Print all of the entries exactly, minus the pictures.

(Stored data)
§

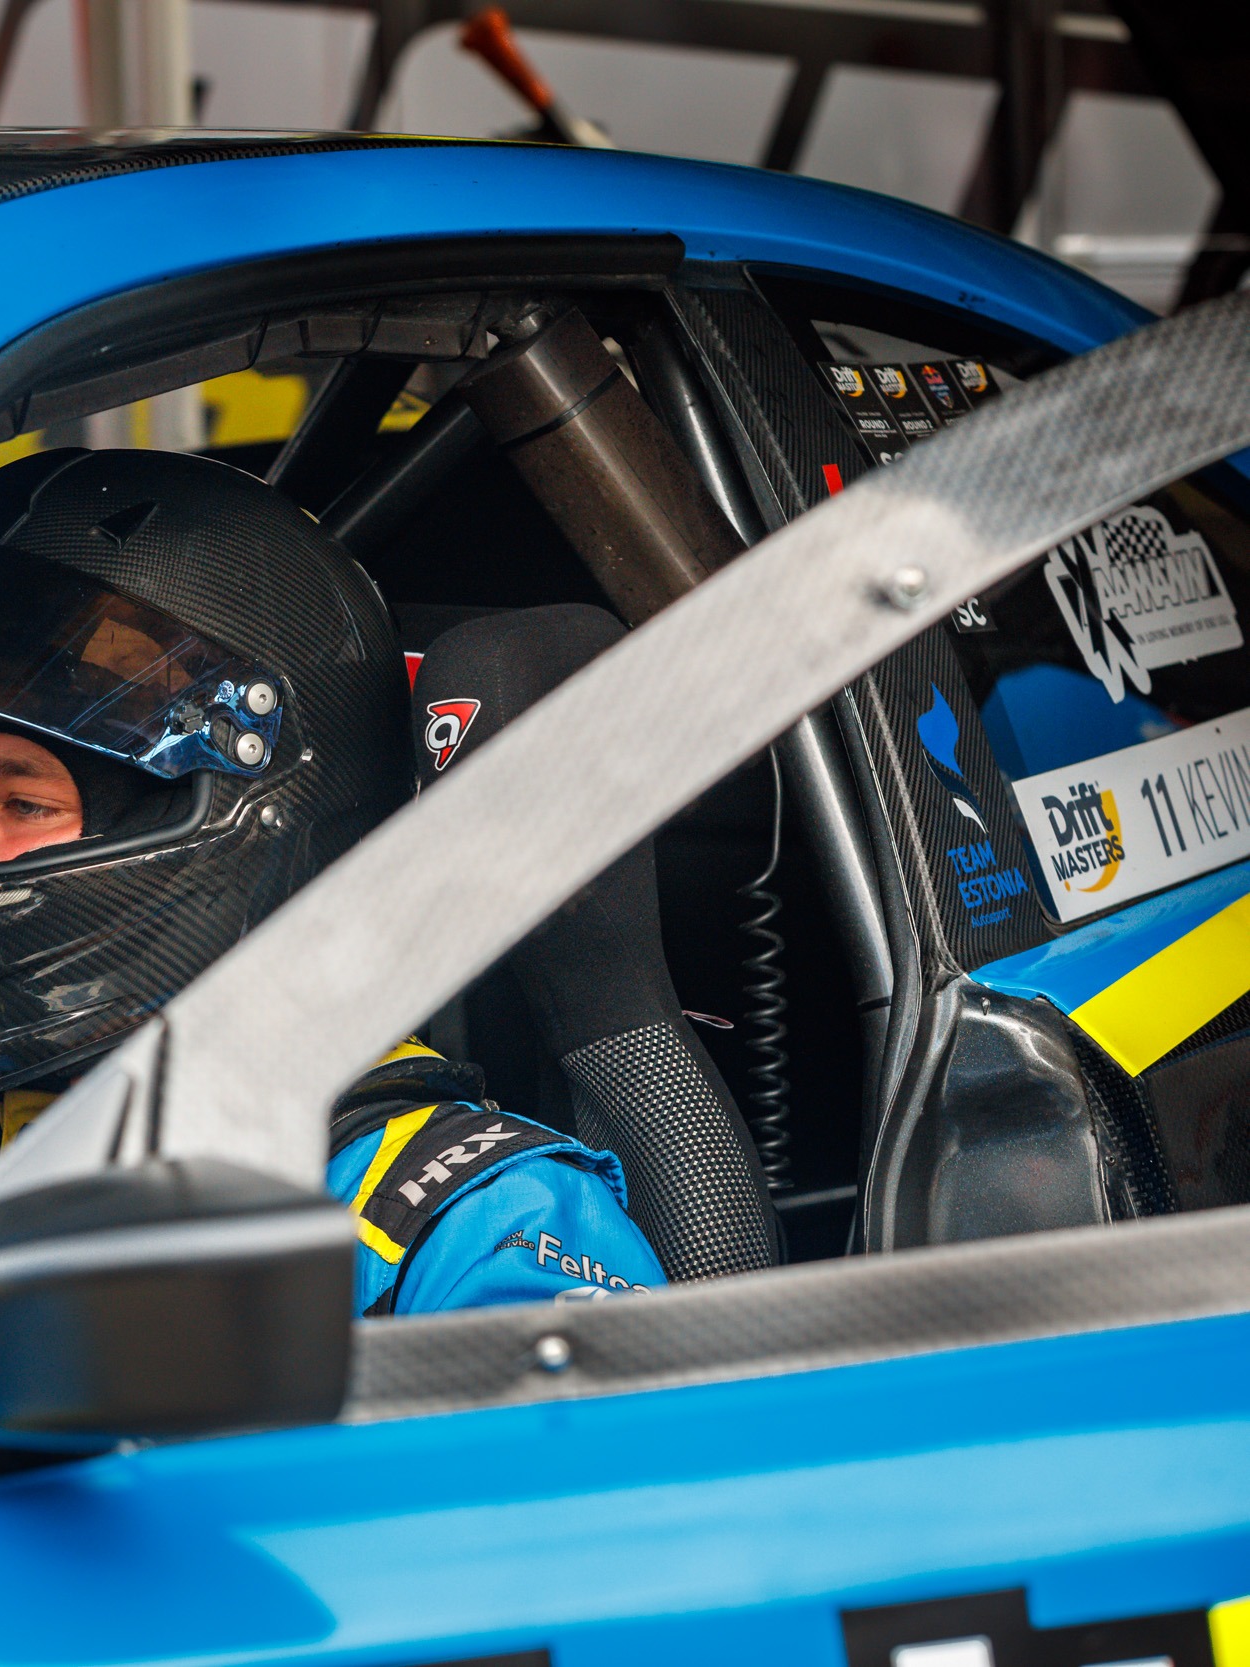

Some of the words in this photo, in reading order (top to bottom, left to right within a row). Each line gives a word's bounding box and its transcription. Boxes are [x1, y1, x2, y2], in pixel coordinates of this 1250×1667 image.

[859, 419, 885, 429] ROUND
[955, 597, 987, 627] SC
[1042, 780, 1113, 847] Drift
[1141, 773, 1187, 857] 11
[947, 840, 997, 877] TEAM
[1051, 834, 1126, 882] MASTERS
[958, 867, 1029, 909] ESTONIA
[970, 907, 1012, 929] Autosport
[398, 1122, 521, 1207] HRX

§

Exercise response –
Some of the words in this photo, in reading order (top to bottom, left to right within a row). Each line gives a word's bounding box and its transcription. Boxes are [x1, y1, x2, y2], in pixel coordinates of this 1250×1667 image.

[859, 419, 885, 429] ROUND
[955, 597, 987, 627] SC
[1042, 780, 1113, 847] Drift
[1141, 773, 1187, 857] 11
[947, 840, 997, 877] TEAM
[1051, 834, 1126, 882] MASTERS
[958, 867, 1029, 909] ESTONIA
[970, 907, 1012, 929] Autosport
[398, 1122, 521, 1207] HRX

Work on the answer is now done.